Siempre es muy
temprano cuando suena el despertador y a la primera lo apago para que el resto de la
casa continúe dormido. Siendo un movimiento reflejo, no significa que mi mente ya
esté en la posición de funcionamiento externo. Intento abrir un ojo y no puedo. La tenue luz
de la mañana, si la hubiera, me lo impediría. Ahora necesito contar un poco para
ponerme en marcha. "venga, voy a empezar... cero...uno...dos...tres...cuatro...cinco...seis...
siete...ocho...nueve...diez...diez...nueve...
ocho...siete...seis...cinco...cuatro...tres...
dos...uno...cero...diez...nueve...ocho...siete...
seis...cinco...cuatro...tres...dos...uno...cero...
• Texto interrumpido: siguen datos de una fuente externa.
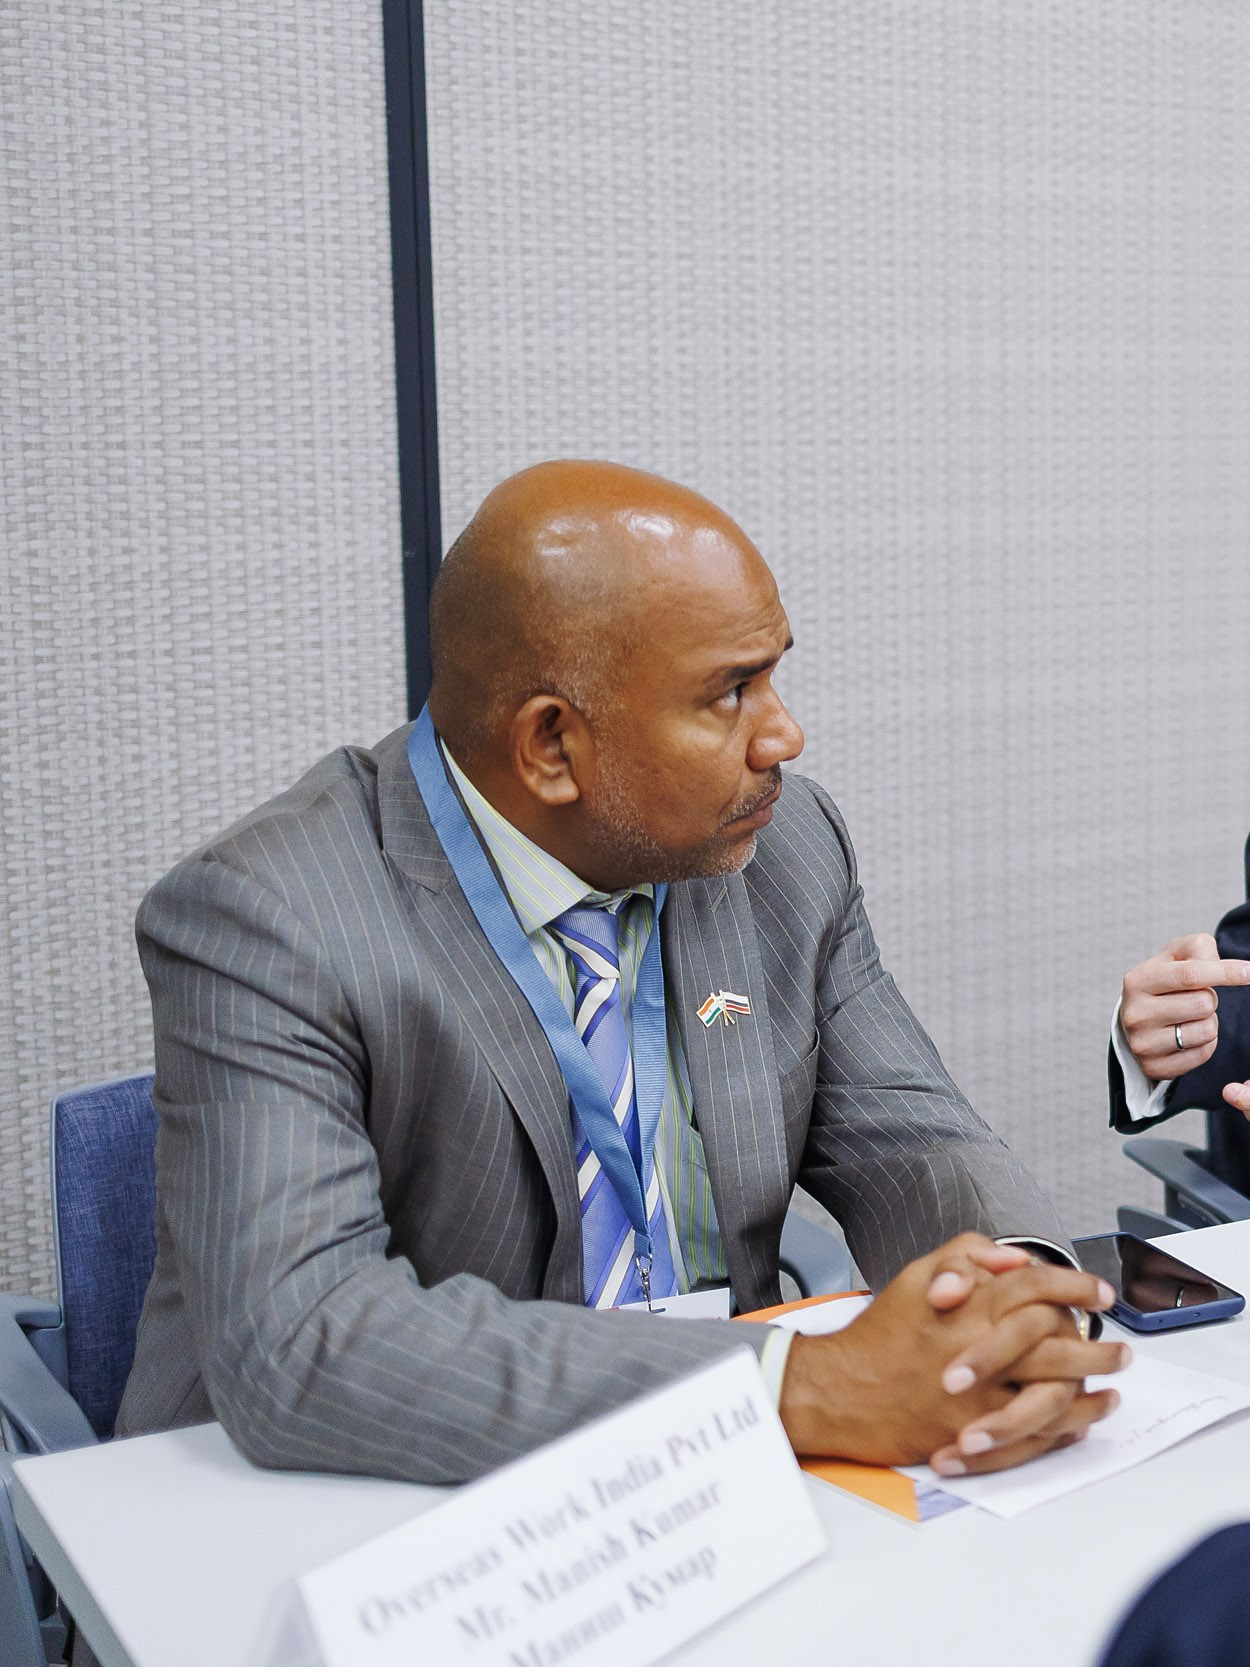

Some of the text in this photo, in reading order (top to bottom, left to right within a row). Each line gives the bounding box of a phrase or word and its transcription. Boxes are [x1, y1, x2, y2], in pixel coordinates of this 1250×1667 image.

(y ahora más rápido) 0,1,2,3,4,5,6,7,8,9,10,0,1,2,3,4,5,6,7,8,9,10,
0,1,2,3,4,5,6,7,8,9
y… 10, ¡ya estoy aquí!”
Contar
hacia delante y después hacia atrás, con el cero que nunca se me olvida. Me
gusta más contar hacia atrás, es más seguro, termino en el cero y no me
equivoco para volver a empezar. A veces cuento más veces y otras, las menos,
menos; mi estado de sueño, de sueño del bueno porque casi siempre sueño,
termina cuando lo deciden las contradicciones de mi despertar. Porque no es
suficiente que quiera despertarme, es imprescindible que quiera dejar ese
sueño, abandonar otras cosas, deshacerme de mis oníricos cambios que me
engullen en la oscuridad y que me desvelan cuando menos me lo espero. La
normalidad de las cosas llega de imprevisto, tras la caída de la mañana, sin
presentaciones.
Si
siento dolor al dejar el sueño, por eso de resistirse a dejar la suavidad de las sábanas,
de la dulce suavidad del algodón de azúcar, levanto mi pie de la nube en la que
me apoyo, y me impulso con el otro, con cuidado, para entrar en la aplastante realidad.
Me
aturde entrar en la dimensión que con persistencia me espera, que si es o no lo
de ahora la normalidad, que si esto es lo fácil, que esto depende de mí y lo
otro no, que el paso del tiempo me hará ver las cosas de otra forma, pero… ¿qué
depende de mí y qué no? “¡¿hay alguien que me lo pueda explicar, por favor?!”
Vuelvo a
mi intento de despegar, de desprenderme cada mañana de algo que a veces no
recuerdo muy bien qué es, de intentar delimitar lo que está aquí y ahora de lo
que se encuentra fuera.
...
Con un
enorme rotulador de color fluorescente señalo el límite de lo que alcanza mi
mano y de lo que no, por eso, siguiendo la línea marcada, recorto un poco el
borde de la realidad por el que me muevo para guardarme ese trocito y
recordarlo en el futuro.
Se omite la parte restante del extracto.